#### TASK REQUIREMENTS:
Once the pictures have been set aside, copy every remaining entry exactly.

(Stored data)
━━━━━━━━━━━━━━━━

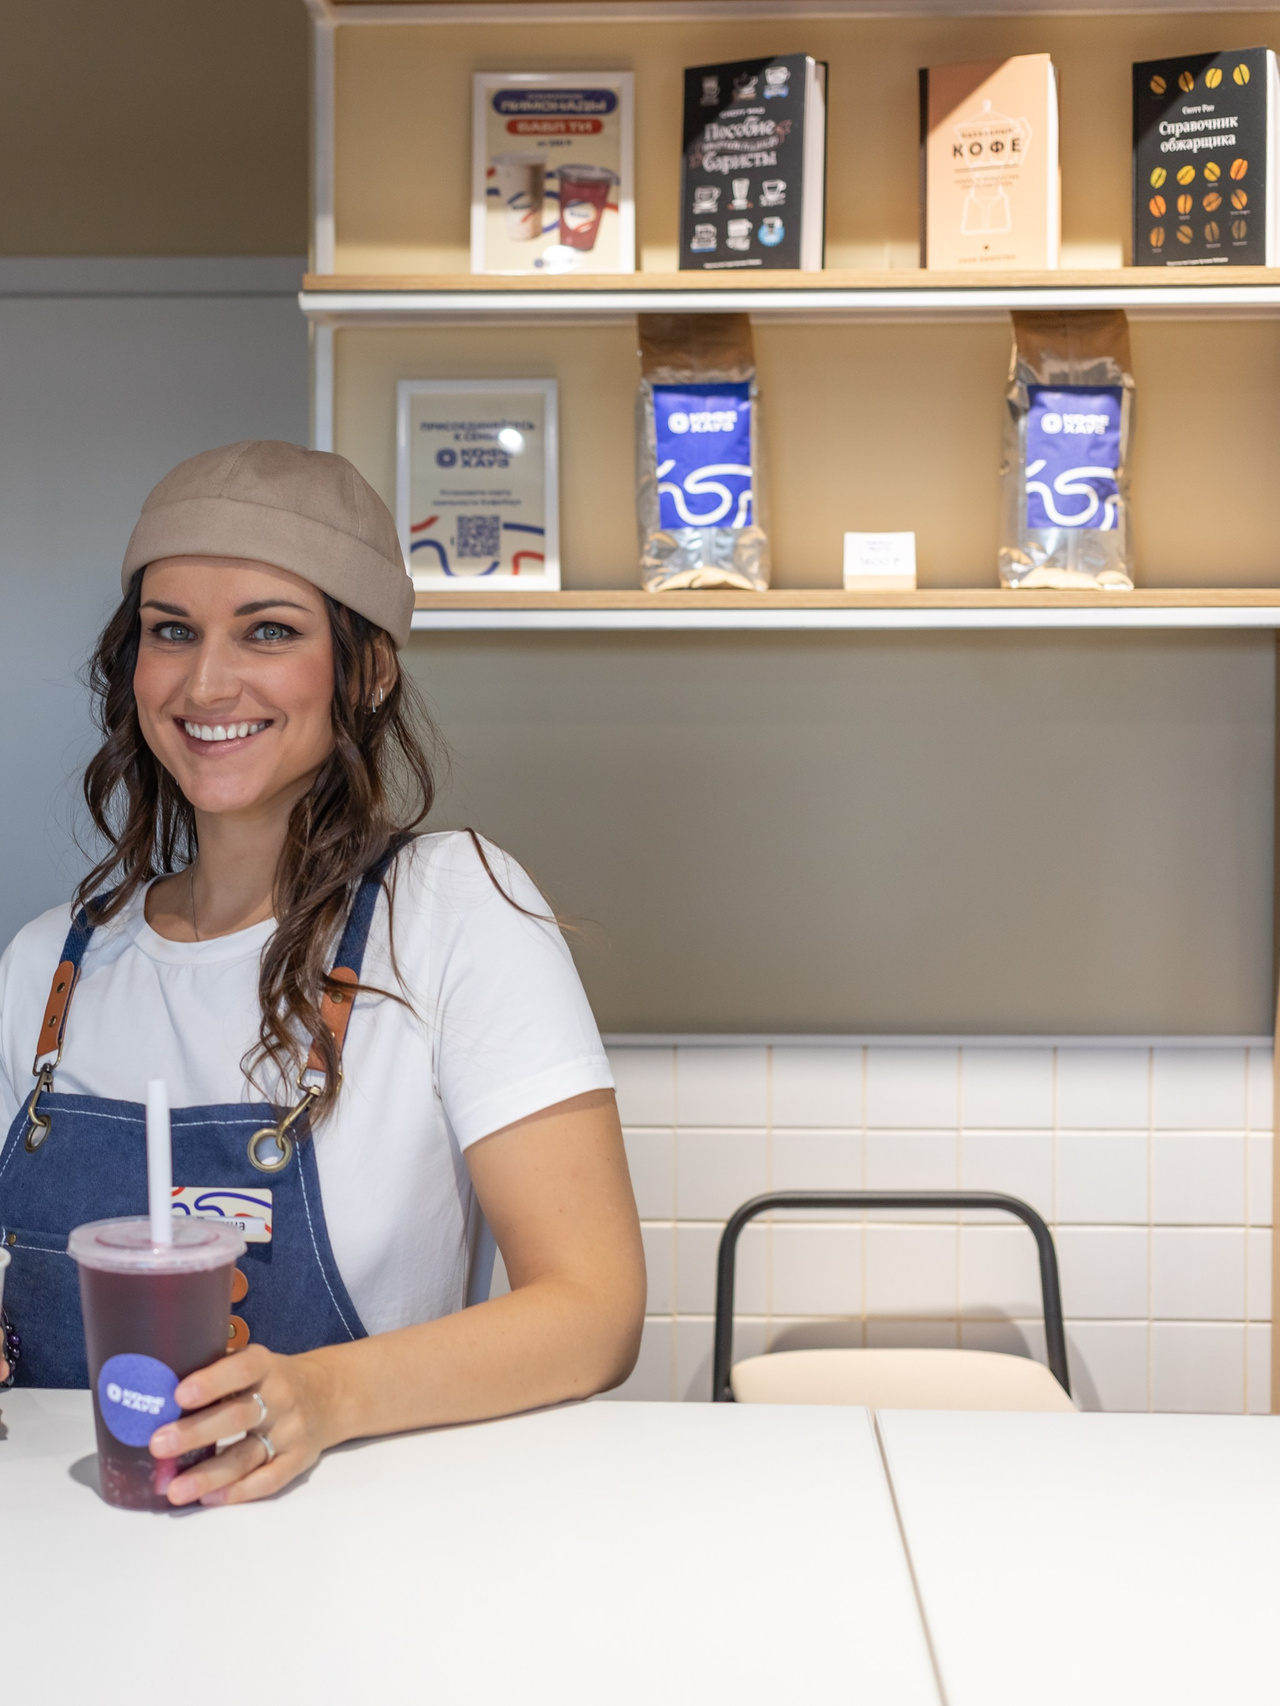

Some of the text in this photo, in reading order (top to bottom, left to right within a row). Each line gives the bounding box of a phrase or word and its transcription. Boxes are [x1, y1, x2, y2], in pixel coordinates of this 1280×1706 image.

[704, 115, 777, 142] Пособие
[1159, 116, 1239, 137] Справочник
[952, 137, 1022, 158] КОФЕ
[1160, 134, 1236, 153] обжарщика
[702, 150, 778, 175] баристы
[461, 457, 510, 468] ХАУЗ
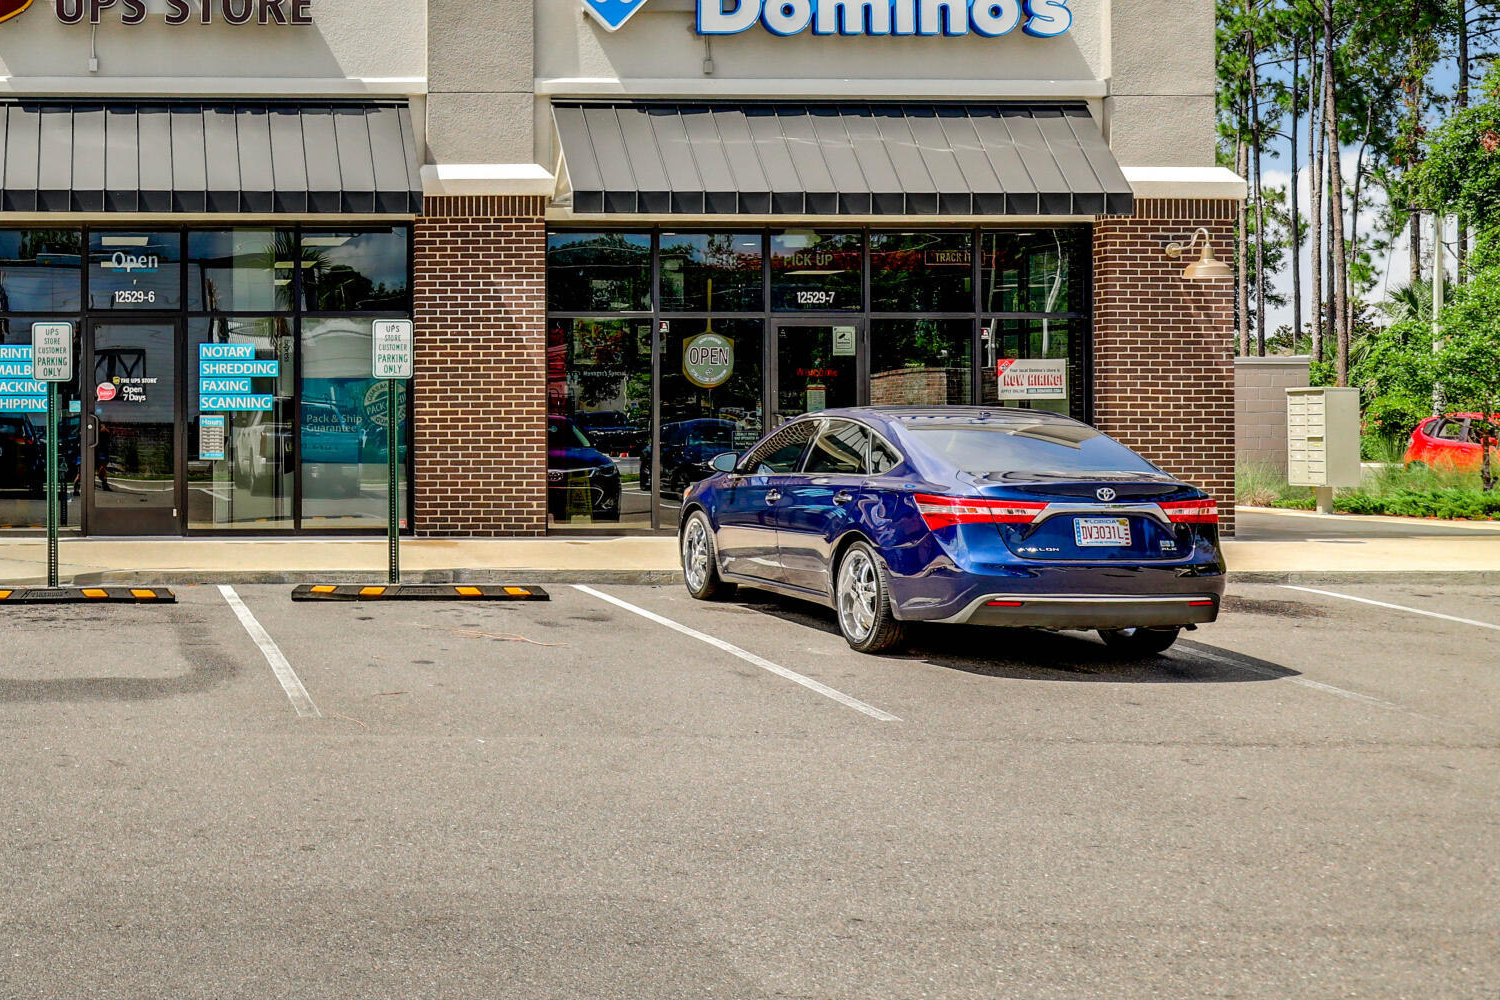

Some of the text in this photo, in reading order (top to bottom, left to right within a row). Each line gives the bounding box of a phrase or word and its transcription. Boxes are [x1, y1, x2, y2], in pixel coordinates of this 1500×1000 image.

[111, 251, 159, 273] Open
[783, 253, 834, 266] PICK UP
[935, 252, 963, 263] TRACK
[114, 290, 156, 303] 12529-6
[796, 291, 836, 304] 12529-7
[45, 328, 60, 336] UPS
[385, 325, 401, 333] UPS
[44, 337, 61, 345] STORE
[384, 334, 402, 342] STORE
[37, 346, 67, 354] CUSTOMER
[202, 346, 252, 357] NOTARY
[37, 357, 68, 366] PARKING
[377, 353, 409, 363] PARKING
[689, 346, 730, 366] OPEN
[43, 367, 62, 377] ONLY
[202, 363, 276, 375] SHREDDING
[383, 364, 403, 374] ONLY
[202, 380, 249, 392] FAXING
[1003, 374, 1063, 387] NOW HIRING!
[122, 385, 143, 394] Open
[122, 393, 128, 401] 7
[128, 393, 146, 403] Days
[200, 396, 271, 409] SCANNING
[306, 414, 363, 426] Pack & Ship
[306, 424, 358, 433] Guarantee
[1081, 525, 1125, 540] DV3031L
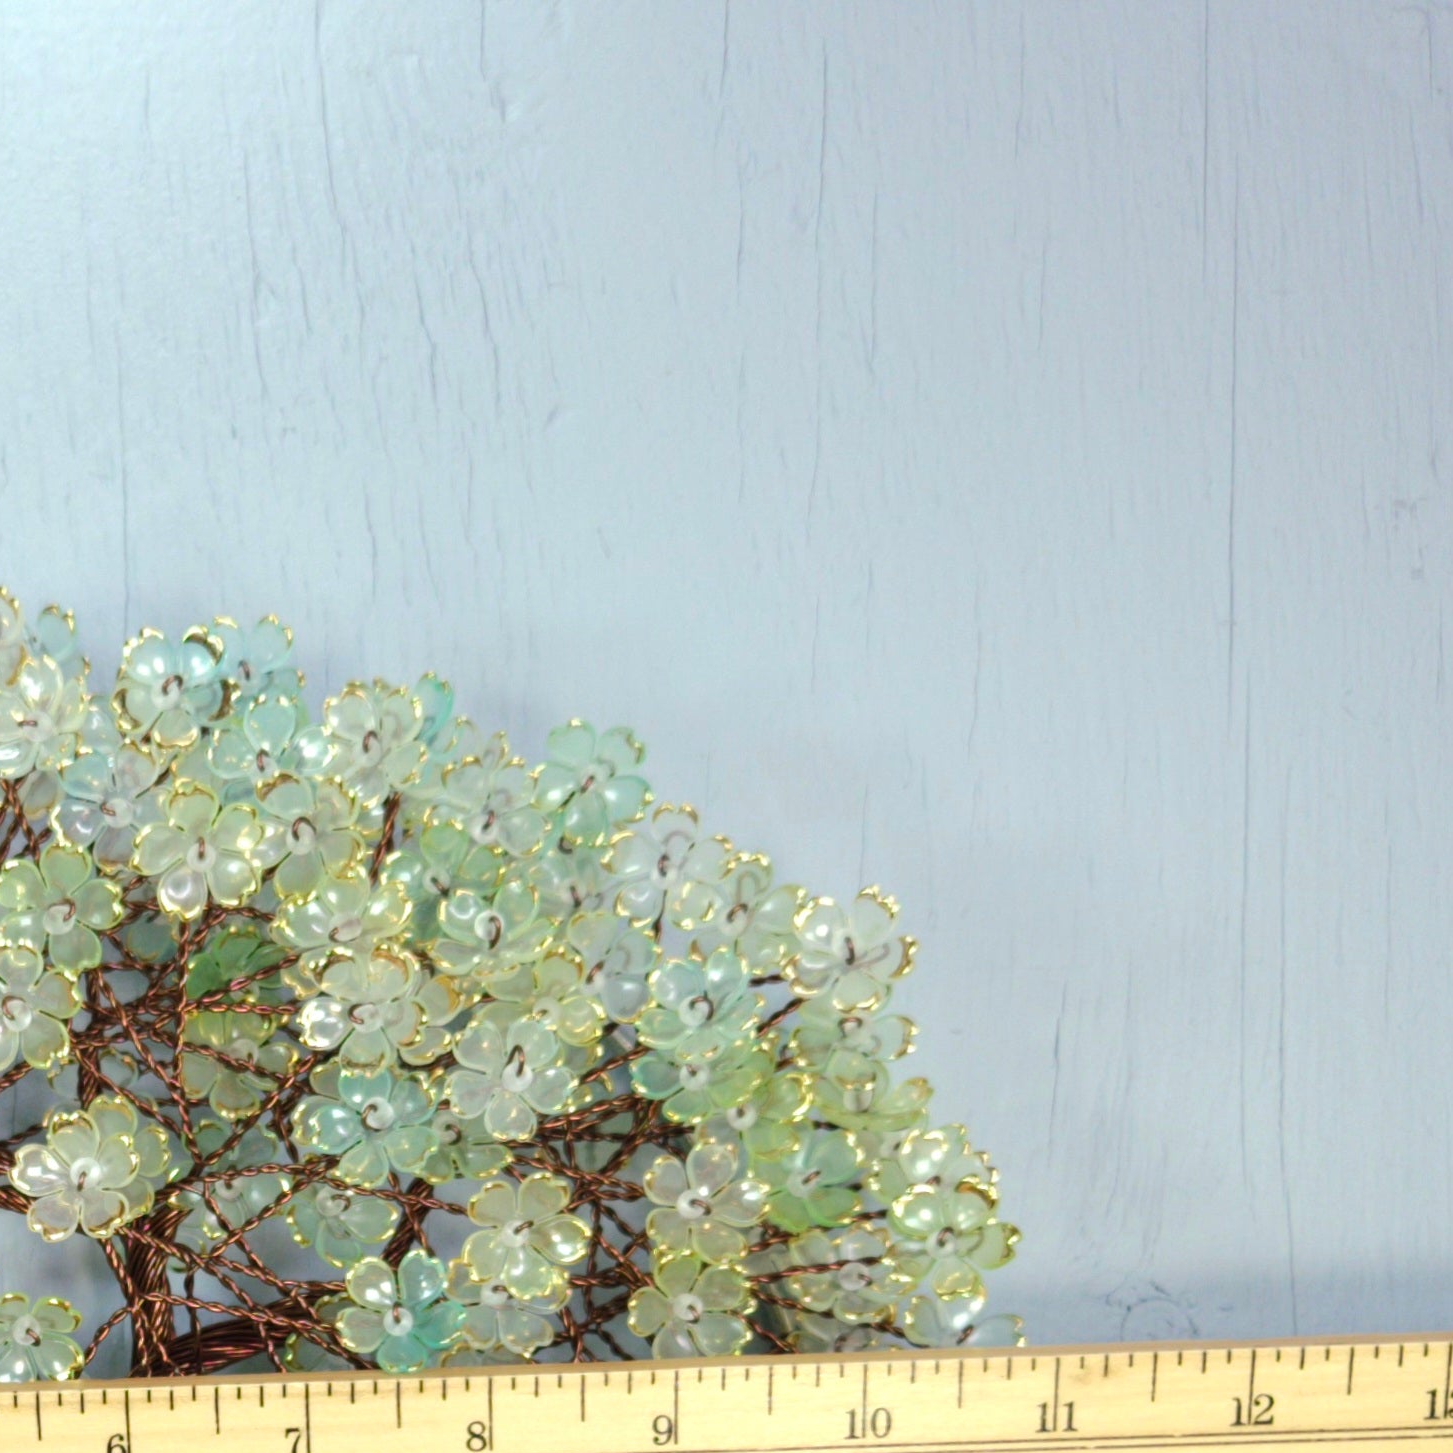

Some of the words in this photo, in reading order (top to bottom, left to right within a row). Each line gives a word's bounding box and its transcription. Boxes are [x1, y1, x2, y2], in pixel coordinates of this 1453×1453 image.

[844, 1408, 892, 1440] 10
[1035, 1401, 1079, 1434] 11
[1230, 1393, 1275, 1427] 12
[466, 1420, 487, 1452] 8
[652, 1414, 673, 1446] 9

━━━━━━━━━━━━━━━━

#### EXERCISE SOLUTION:
Some of the text in this photo, in reading order (top to bottom, left to right within a row). Each line gives the bounding box of a phrase or word and its transcription. Boxes are [x1, y1, x2, y2], in pixel coordinates of this 1280×1706 image.

[704, 115, 777, 142] Пособие
[1159, 116, 1239, 137] Справочник
[952, 137, 1022, 158] КОФЕ
[1160, 134, 1236, 153] обжарщика
[702, 150, 778, 175] баристы
[461, 457, 510, 468] ХАУЗ

Some of the text in this photo, in reading order (top to bottom, left to right within a row). Each line gives the bounding box of a phrase or word and its transcription. Boxes are [x1, y1, x2, y2], in pixel coordinates of this 1500×1000 image.

[111, 251, 159, 273] Open
[783, 253, 834, 266] PICK UP
[935, 252, 963, 263] TRACK
[114, 290, 156, 303] 12529-6
[796, 291, 836, 304] 12529-7
[45, 328, 60, 336] UPS
[385, 325, 401, 333] UPS
[44, 337, 61, 345] STORE
[384, 334, 402, 342] STORE
[37, 346, 67, 354] CUSTOMER
[202, 346, 252, 357] NOTARY
[37, 357, 68, 366] PARKING
[377, 353, 409, 363] PARKING
[689, 346, 730, 366] OPEN
[43, 367, 62, 377] ONLY
[202, 363, 276, 375] SHREDDING
[383, 364, 403, 374] ONLY
[202, 380, 249, 392] FAXING
[1003, 374, 1063, 387] NOW HIRING!
[122, 385, 143, 394] Open
[122, 393, 128, 401] 7
[128, 393, 146, 403] Days
[200, 396, 271, 409] SCANNING
[306, 414, 363, 426] Pack & Ship
[306, 424, 358, 433] Guarantee
[1081, 525, 1125, 540] DV3031L

Some of the words in this photo, in reading order (top to bottom, left to right within a row). Each line gives a word's bounding box and its transcription. Boxes are [x1, y1, x2, y2], in pixel coordinates of this 1453×1453 image.

[844, 1408, 892, 1440] 10
[1035, 1401, 1079, 1434] 11
[1230, 1393, 1275, 1427] 12
[466, 1420, 487, 1452] 8
[652, 1414, 673, 1446] 9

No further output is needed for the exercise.